Muteb Al-Mutlaq

Personal information
- Full name: Muteb Mesfer Al-Mutlaq
- Date of birth: 10 December 1997 (age 27)
- Place of birth: Riyadh, Saudi Arabia
- Height: 1.65 m (5 ft 5 in)
- Position: Right-back

Team information
- Current team: Al-Mehmal
- Number: 40

Senior career*
- Years: Team / Apps / (Gls)
- 2016–2019: Al-Nassr / 4 / (0)
- 2018: → Al-Raed (loan) / 6 / (0)
- 2018–2019: → Al-Raed (loan) / 15 / (0)
- 2019–2022: Al-Raed / 2 / (0)
- 2020–2021: → Al-Sahel (loan) / 3 / (0)
- 2022–2023: Al-Shoulla
- 2025–: Al-Mehmal

= Muteb Al-Mutlaq =

Saudi Arabian footballer

Muteb Al-Mutlaq (Arabic: متعب المطلق, born 10 December 1997) is a Saudi football player who plays for Al-Mehmal as a right back.

==Career==
Al-Mutlaq started his career at Al-Nassr's youth teams.
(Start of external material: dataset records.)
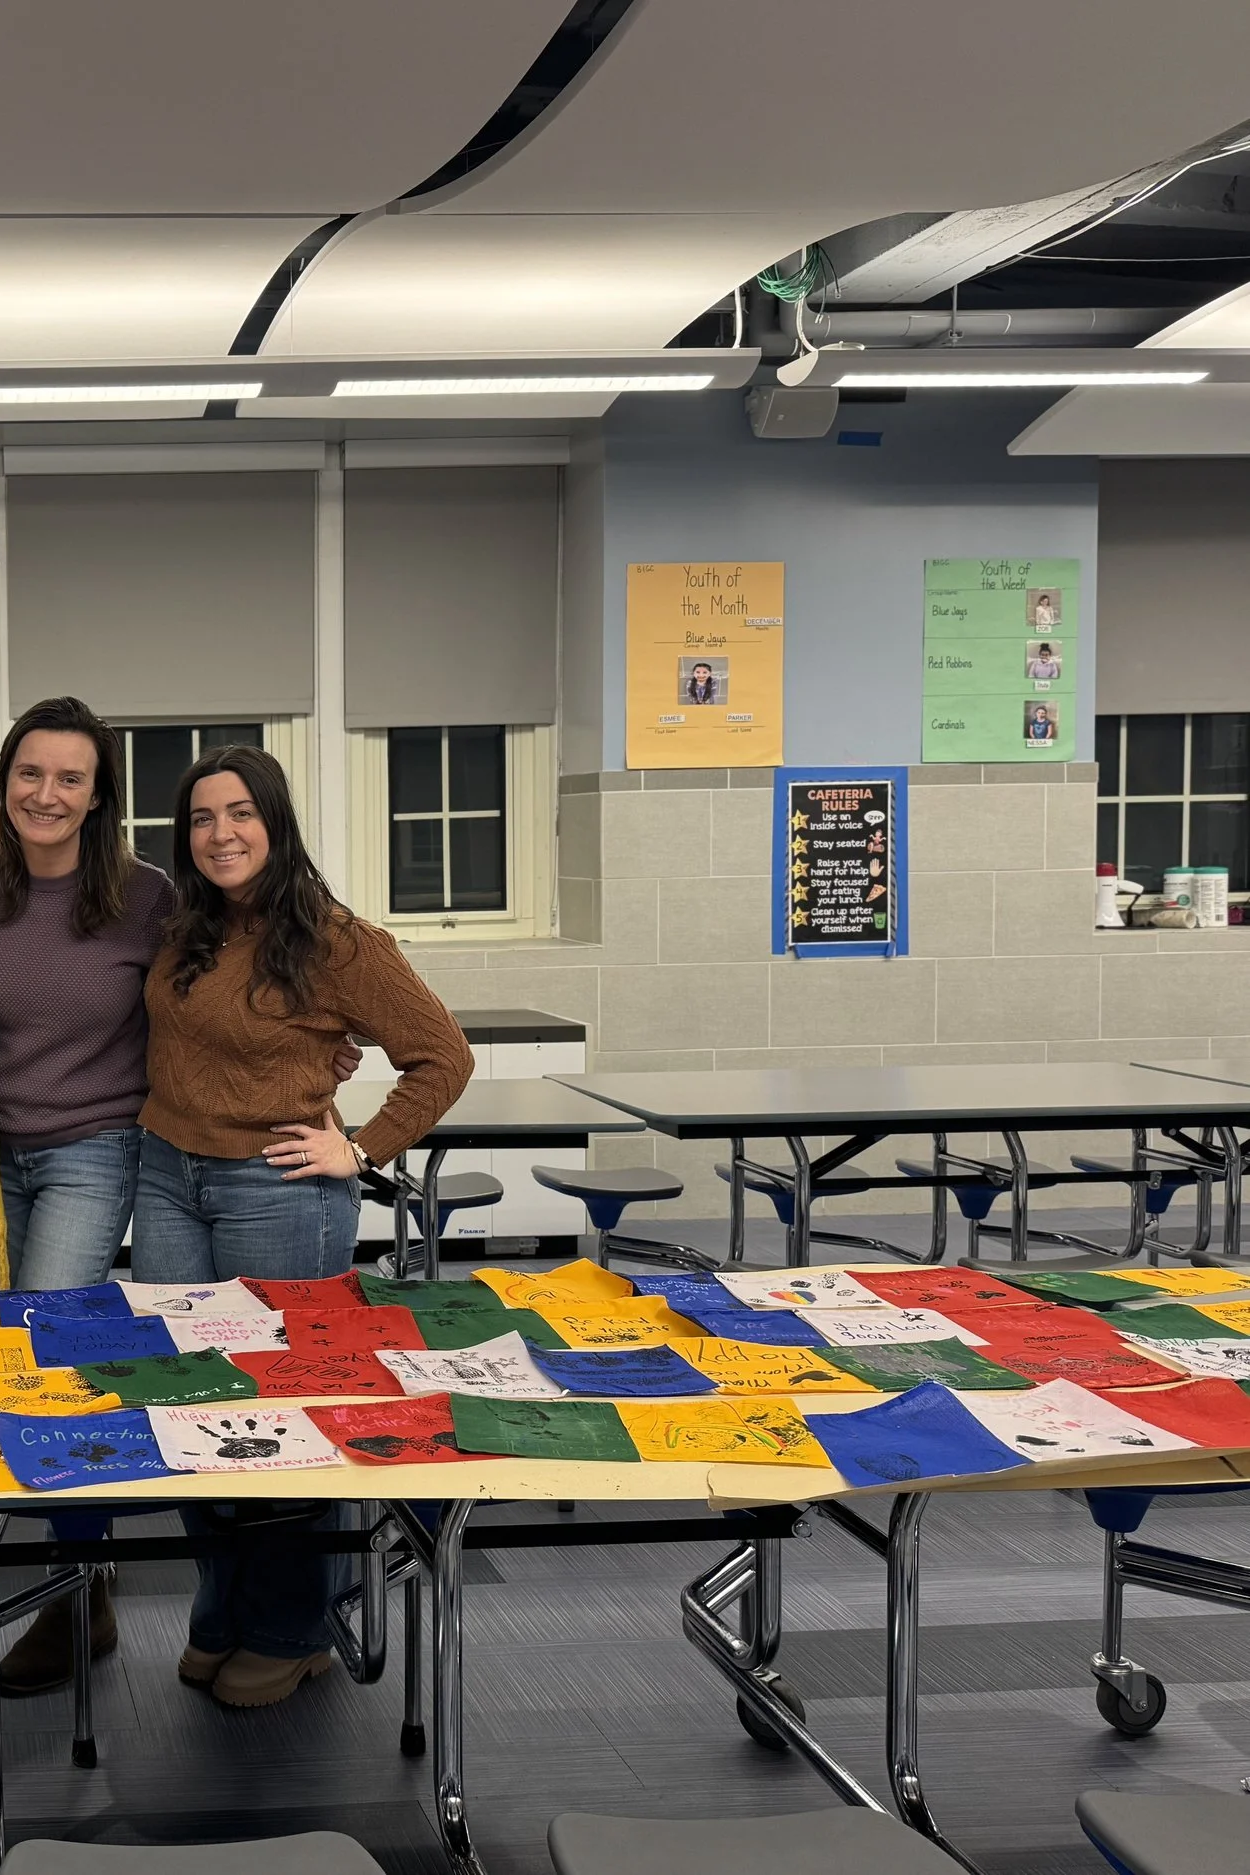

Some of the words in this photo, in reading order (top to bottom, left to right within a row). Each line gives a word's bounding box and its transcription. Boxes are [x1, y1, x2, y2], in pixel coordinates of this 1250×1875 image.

[980, 560, 1011, 576] Youth
[1018, 562, 1031, 575] of
[683, 565, 720, 588] Youth
[726, 567, 743, 588] of
[980, 578, 995, 590] the
[1001, 578, 1026, 590] Week
[681, 596, 700, 616] the
[710, 594, 748, 615] Month
[932, 604, 949, 616] Blue
[951, 606, 968, 620] Jays
[685, 631, 705, 643] Blue
[707, 633, 727, 647] Jays
[928, 656, 943, 669] Red
[931, 719, 965, 730] Cardinals
[807, 788, 873, 800] CAFETERIA
[822, 800, 859, 811] RULES
[822, 813, 837, 821] Use
[838, 822, 863, 830] voice
[796, 841, 803, 851] 2
[813, 840, 834, 850] Stay
[836, 839, 867, 848] seated
[797, 864, 802, 873] 3
[817, 859, 840, 867] Raise
[842, 859, 862, 868] your
[810, 868, 832, 876] hand
[835, 868, 848, 876] for
[850, 867, 869, 877] help
[811, 879, 831, 888] Stay
[834, 878, 869, 886] focused
[796, 889, 803, 897] 4
[832, 887, 861, 896] eating
[817, 897, 837, 906] your
[839, 896, 863, 904] lunch
[797, 913, 803, 923] 5
[811, 907, 834, 915] Clean
[837, 909, 847, 918] up
[811, 916, 846, 926] yourself
[849, 915, 873, 923] when
[821, 925, 862, 933] dismissed
[8, 1289, 89, 1307] SPREAD
[192, 1317, 244, 1330] make
[562, 1316, 594, 1327] Be
[733, 1322, 773, 1330] ARE
[191, 1327, 262, 1339] happen
[568, 1325, 587, 1333] to
[198, 1334, 252, 1343] today
[229, 1381, 245, 1389] I
[266, 1381, 306, 1390] you
[322, 1381, 344, 1389] be
[166, 1410, 212, 1423] HIGH
[237, 1412, 291, 1424] FIVE
[356, 1410, 392, 1421] be
[346, 1418, 414, 1434] nature
[21, 1427, 156, 1446] Connection
[82, 1461, 129, 1471] Trees
[177, 1462, 248, 1471] Including
[253, 1453, 342, 1470] EVERYONE!
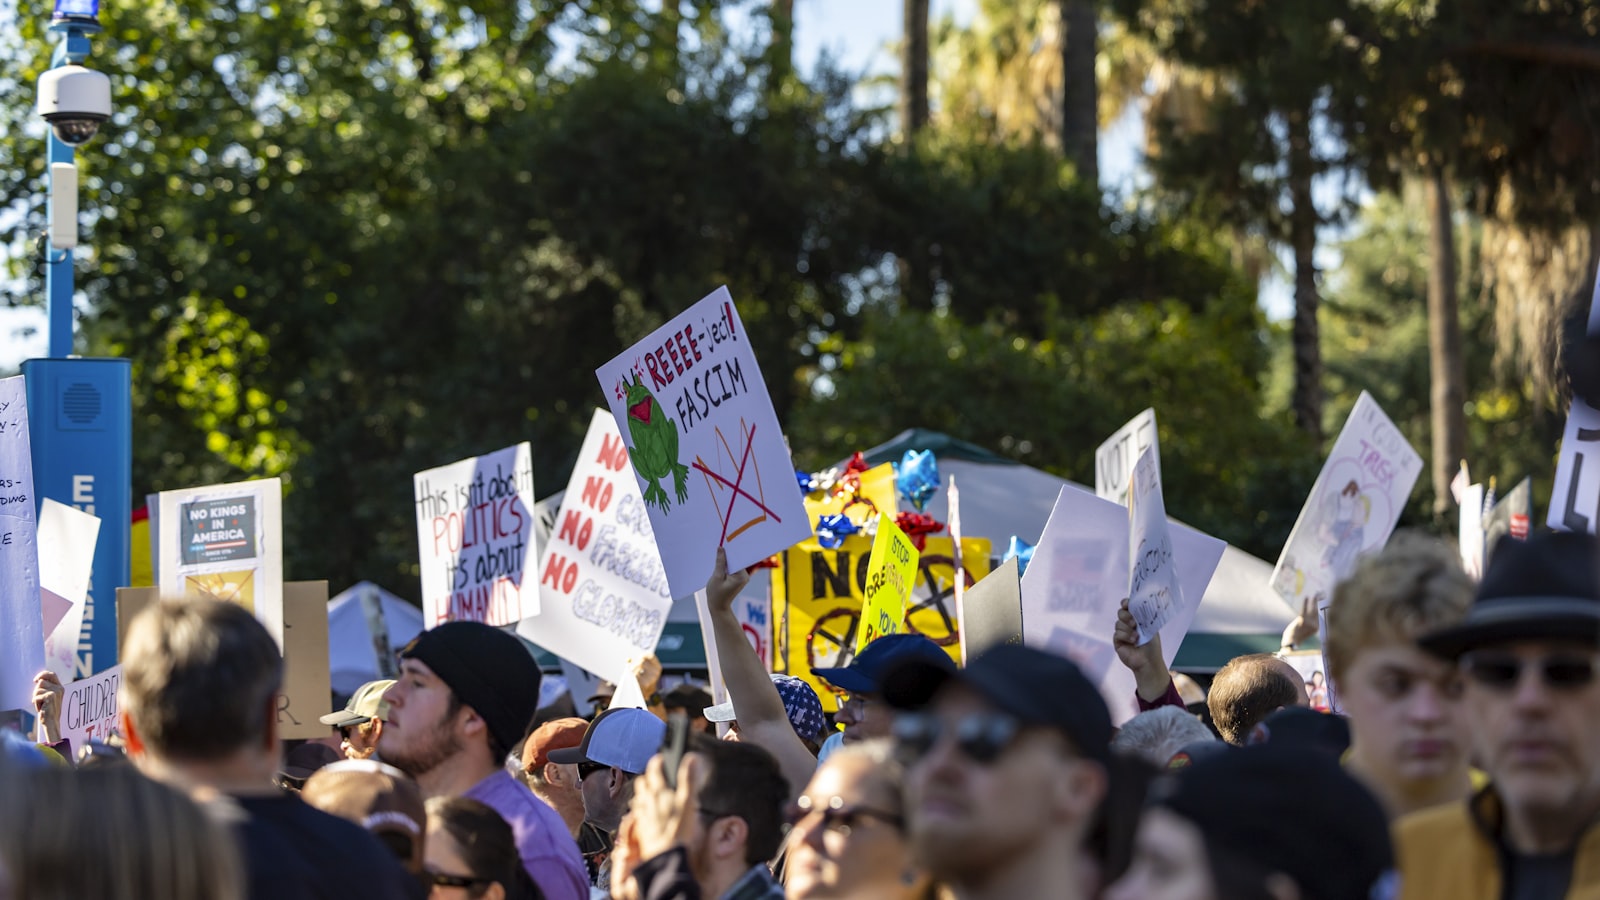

On 27 January 2018, Al-Mutlaq joined Al-Raed on loan. On 1 August 2018, Al-Mutlaq's loan to Al-Raed was renewed for another season. On 27 August 2019, Al-Mutlaq joined Al-Raed on a permanent deal. On 30 October 2020, Al-Mutlaq joined Al-Sahel on loan. On 7 July 2022, Al-Mutlaq joined Al-Shoulla.